→ **ASSIGNED TASK**
Your reply should be a faithful copy of the records below, free of pictures.

Text-to-region grounding data:
'''

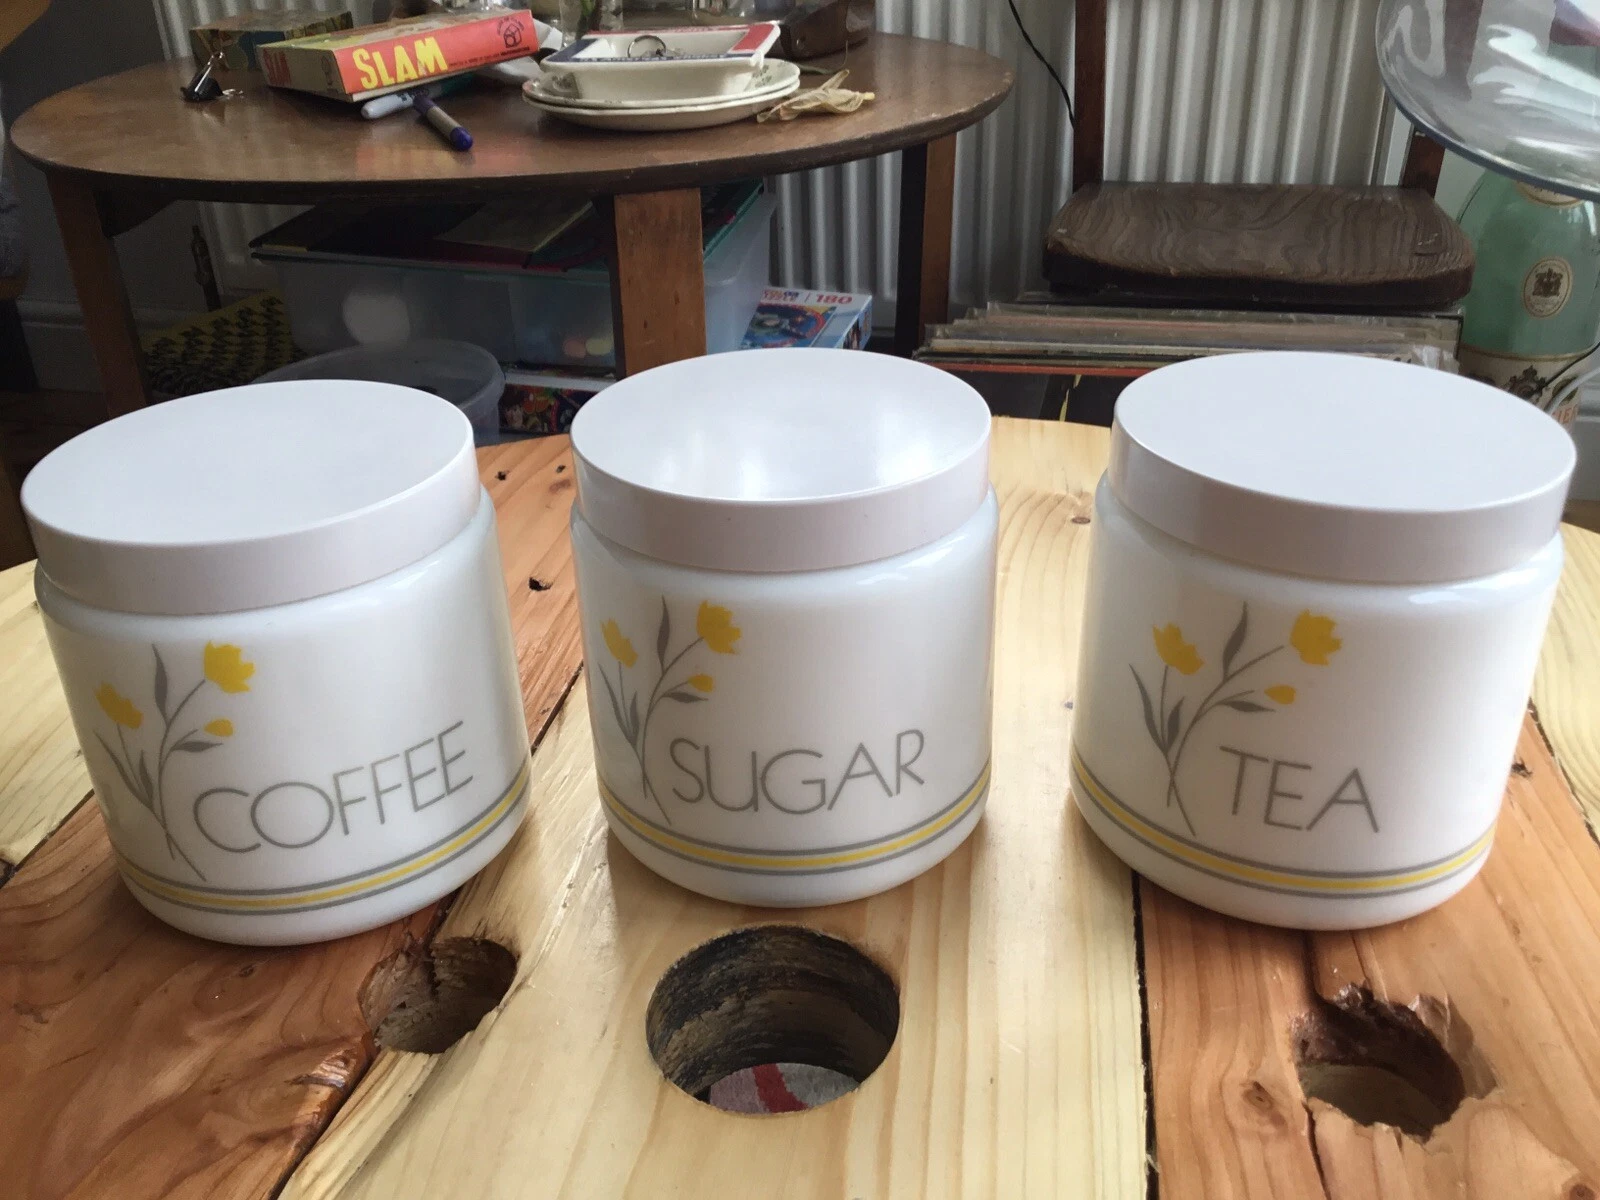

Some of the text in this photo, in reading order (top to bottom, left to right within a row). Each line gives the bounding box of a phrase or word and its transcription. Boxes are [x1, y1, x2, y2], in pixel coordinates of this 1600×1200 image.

[353, 36, 448, 89] SLAM
[816, 294, 853, 305] 180
[193, 720, 474, 853] COFFEE
[669, 729, 925, 815] SUGAR
[1218, 745, 1380, 833] TEA
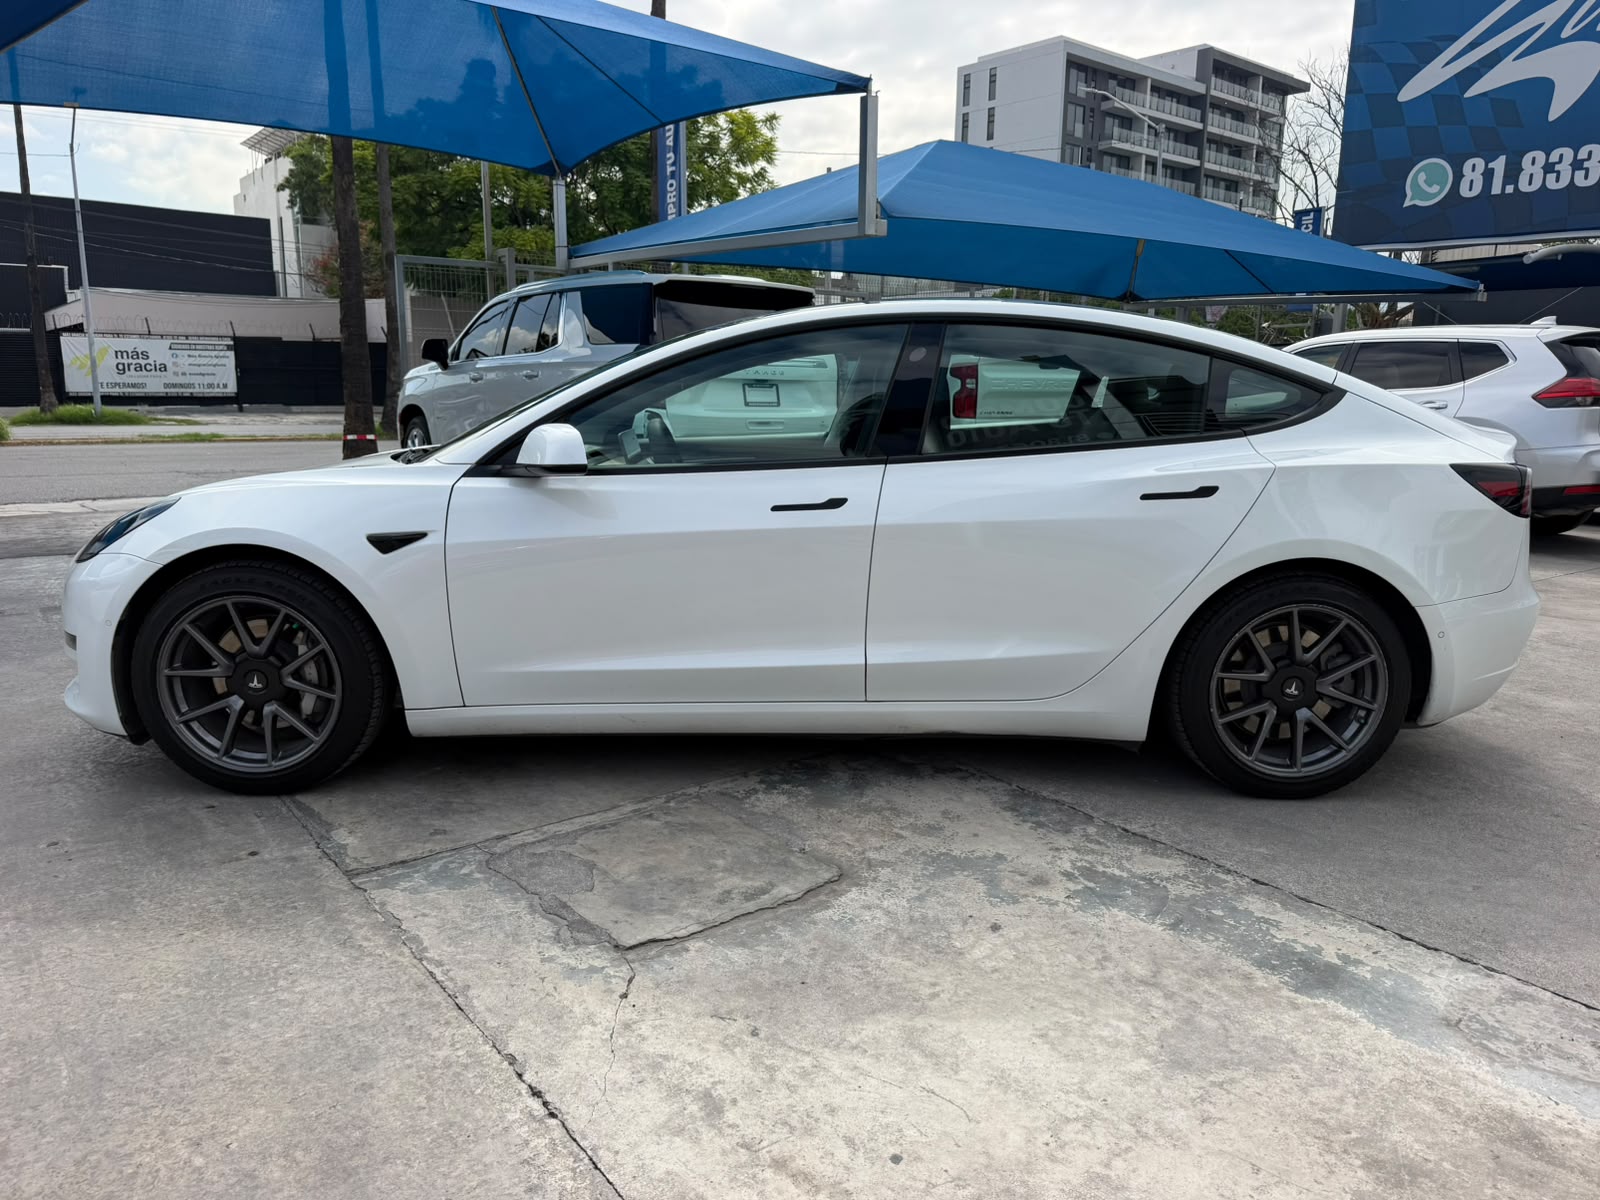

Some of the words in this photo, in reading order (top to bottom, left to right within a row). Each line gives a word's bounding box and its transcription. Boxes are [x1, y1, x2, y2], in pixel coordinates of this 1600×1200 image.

'''

→ **REPLY**
Some of the text in this photo, in reading order (top to bottom, left to right within a row). Each line gives the bounding box of a phrase or word and its transcription. Boxes are [x1, y1, x2, y2], in pixel coordinates of this 1600×1200 image.

[353, 36, 448, 89] SLAM
[816, 294, 853, 305] 180
[193, 720, 474, 853] COFFEE
[669, 729, 925, 815] SUGAR
[1218, 745, 1380, 833] TEA

Some of the words in this photo, in reading order (top to bottom, left to right within a row). Each line gives a word's bounding box and its transcription. Boxes are [x1, y1, x2, y2], in pixel coordinates of this 1600×1200 image.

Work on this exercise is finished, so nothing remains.